Zoom adds two-factor authentication for all users

Unified communications and collaboration platform Zoom has rolled out another round of cyber security enhancements, adding two-factor authentication (2FA) across its platform, requiring users to present two or more credentials to join a meeting.

This is the latest in a now long-running series of enhancements Zoom has made in response to a series of concerns around the security of its service, use of which soared during lockdown and has remained popular as millions of people continue to work remotely during the ongoing Covid-19 pandemic.

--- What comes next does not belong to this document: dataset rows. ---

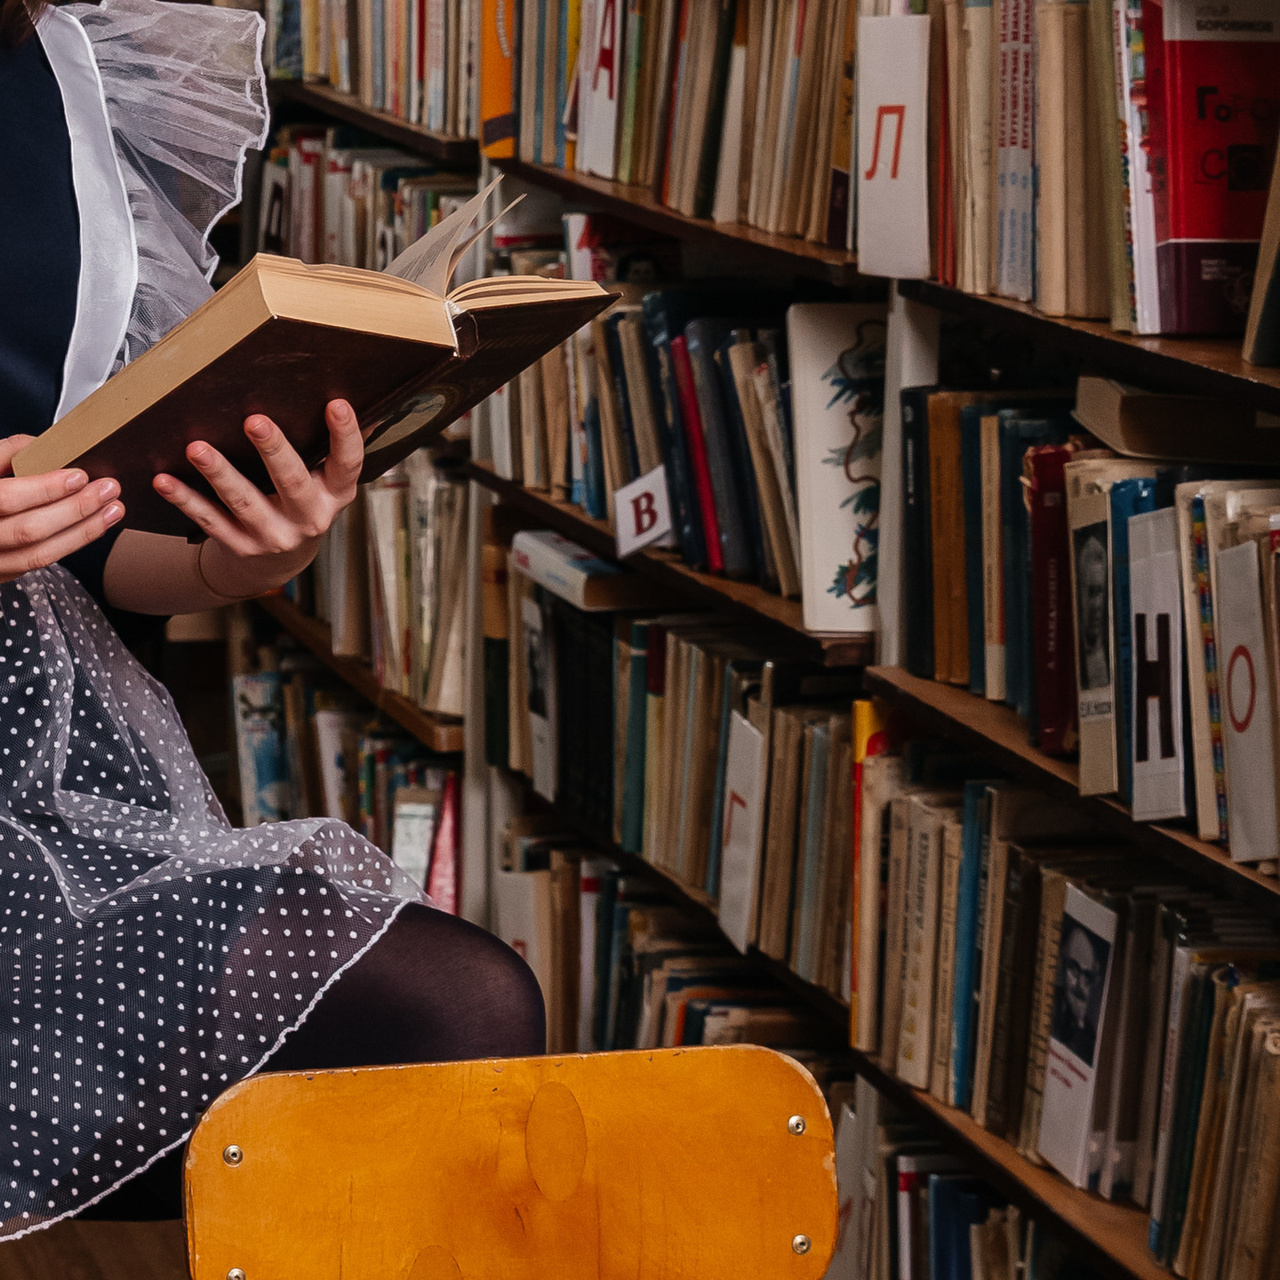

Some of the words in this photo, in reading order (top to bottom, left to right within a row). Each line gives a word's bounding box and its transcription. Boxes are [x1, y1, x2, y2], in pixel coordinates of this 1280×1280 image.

[865, 105, 907, 181] Л
[630, 490, 659, 536] В
[1135, 612, 1177, 763] Н
[1227, 645, 1256, 734] О
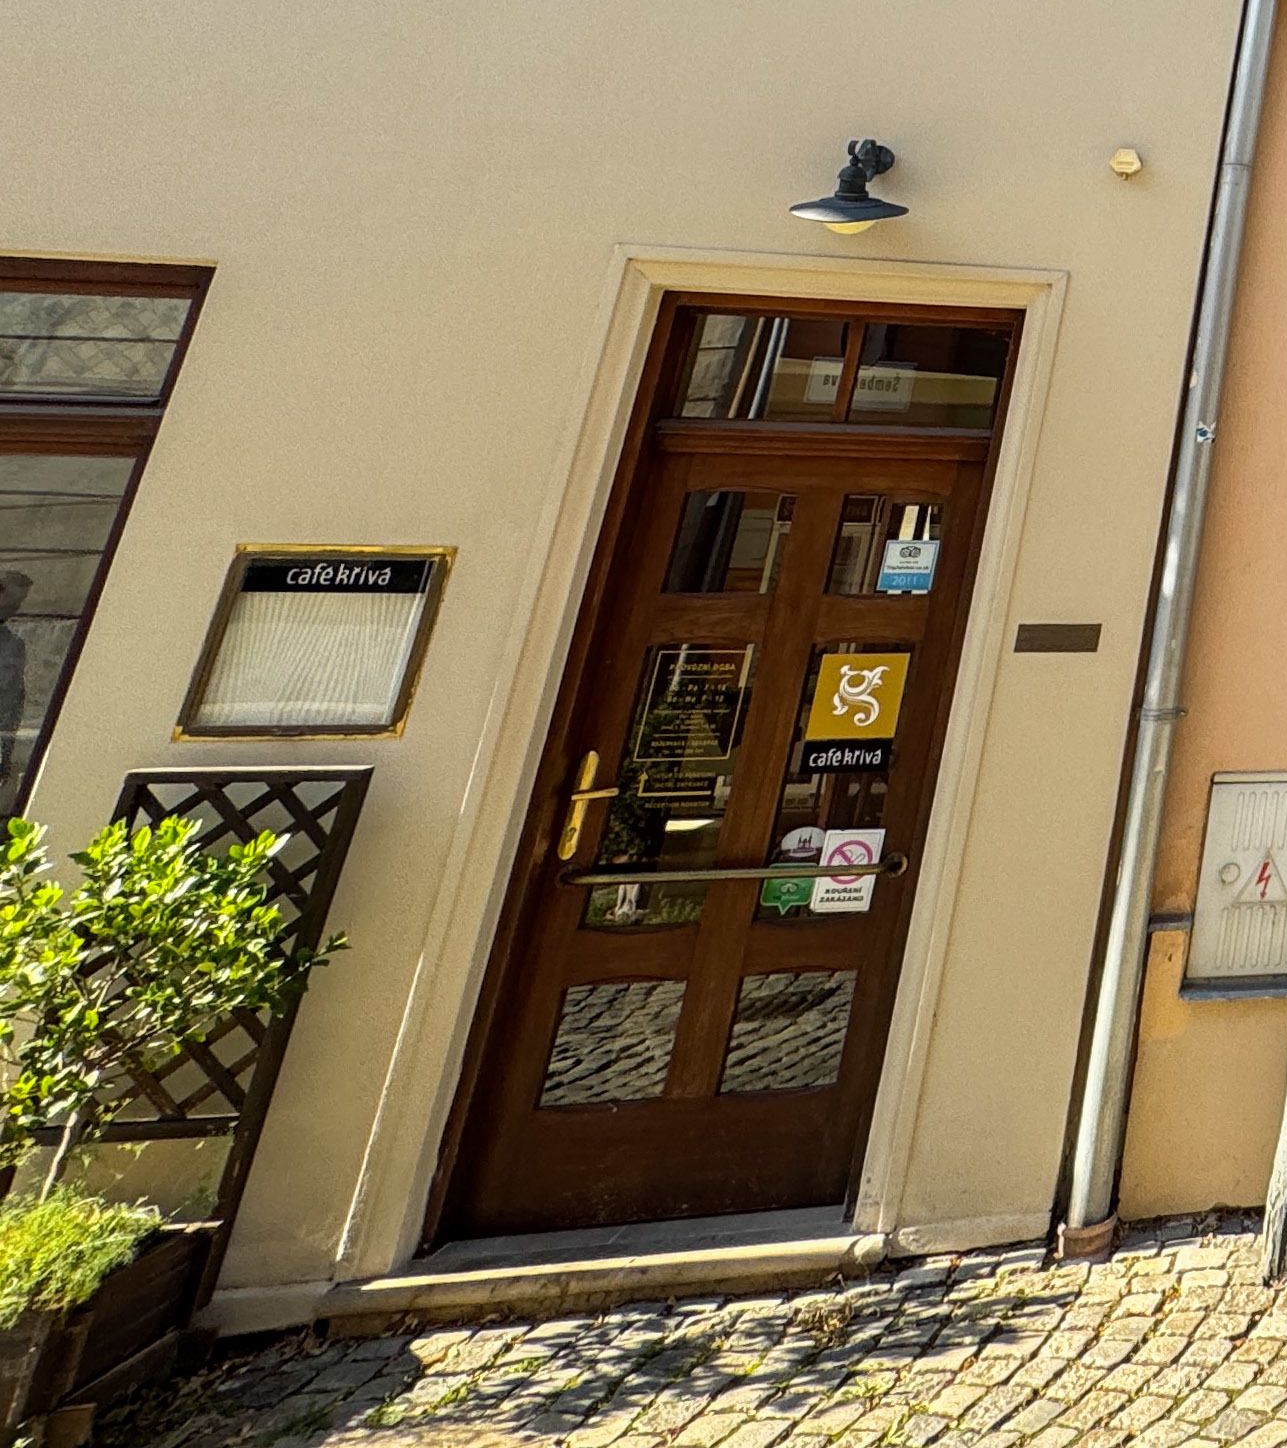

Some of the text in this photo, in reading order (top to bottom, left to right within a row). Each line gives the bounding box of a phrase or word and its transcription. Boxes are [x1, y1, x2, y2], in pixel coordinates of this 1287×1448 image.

[286, 562, 392, 586] café křivá
[809, 748, 882, 767] café křivá

Zoom said adding 2FA to its platform offered users a secure way to validate their identities and protect against incidents, providing a number of benefits such as a reduced risk of identity theft and security breaches by preventing malicious actors from accessing legitimate accounts, enhanced compliance with data protection regulations, reduced costs by eliminating the need for expensive single sign-on (SSO) technology, and easier credential management.

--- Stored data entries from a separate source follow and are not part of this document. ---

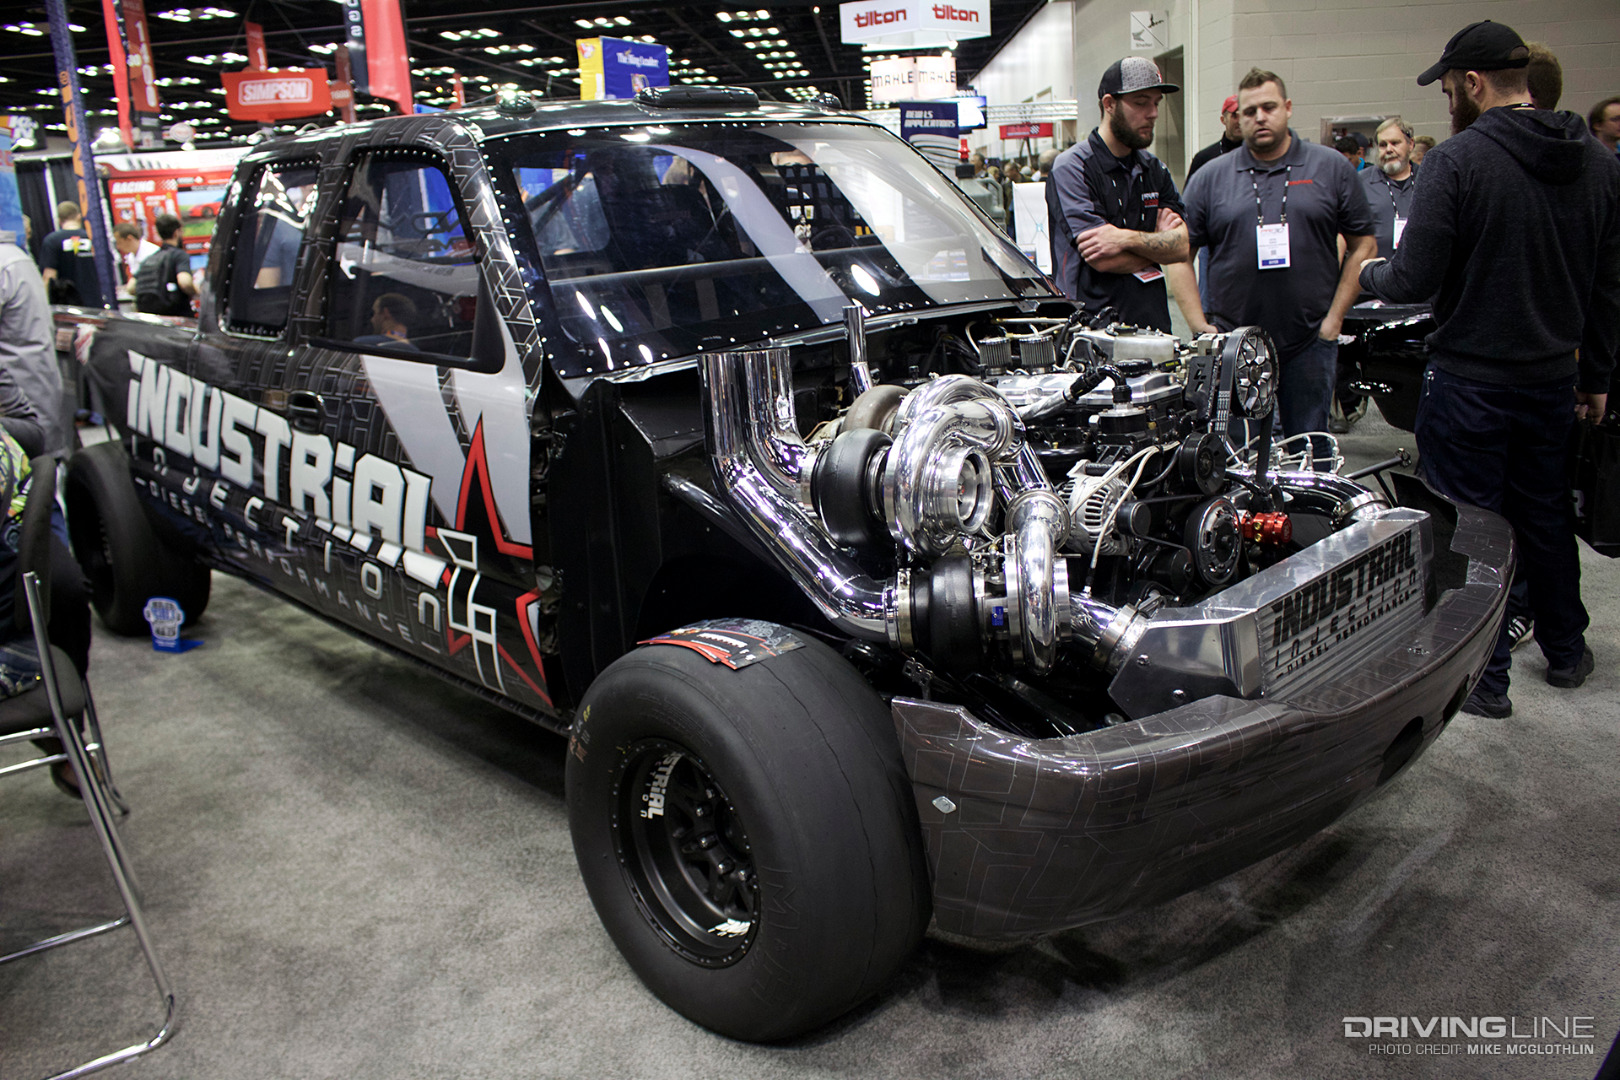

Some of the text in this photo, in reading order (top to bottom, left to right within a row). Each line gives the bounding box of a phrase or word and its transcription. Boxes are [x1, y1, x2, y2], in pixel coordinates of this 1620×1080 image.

[854, 9, 907, 28] tilton
[932, 3, 979, 23] tilton
[873, 71, 914, 88] MAHLE
[919, 70, 957, 84] MAHLE
[243, 82, 308, 101] SIMPSON
[904, 119, 956, 129] APPLICATIONS
[112, 180, 155, 195] RACING
[1286, 591, 1411, 676] DIESEL PERFORMANCE

Users will have the option to use authentication apps that support time-based one-time password (TOTP) protocols, for example Google Authenticator, Microsoft Authenticator or FreeOTP, or have Zoom send a code via SMS or phone call, the firm said in a blog post announcing the changes.

Niamh Muldoon, senior director of trust and security at identity and access management specialist OneLogin, said the addition of 2FA was entirely necessary given the increase in Zoom usage, and the high-profile stories of so-called zoom-bombing that ensued.

“However, security is a two-way street; in order for this to be effective, users will need to enable the use of 2FA,” she said.

Administrators can activate 2FA on Zoom at the account level by signing into their Zoom dashboard, navigating to security settings, and enabling 2FA either for all users, or for specific users by function or grouping. Further details can be found online.

However, Muldoon pointed out that the growing sophistication of phishing threats was leading many to the conclusion that 2FA is not necessarily 100% effective.

“Zoom should introduce more modern forms of 2FA like WebAuthn, which leverages device-based encryption to prevent even advanced malware and man-in-the-middle phishing attacks,” she said.

“WebAuthn is popular with users because it requires no password and allows them to utilise biometric sensors like fingerprint scanning and facial recognition that they already use to their unlock phones.”

She added that while MFA was essential, leaders in the field are now also turning to artificial intelligence and risk management techniques to enhance authentication in situations where risk might be heightened, such as if users have changed their device, location, or app usage profiles.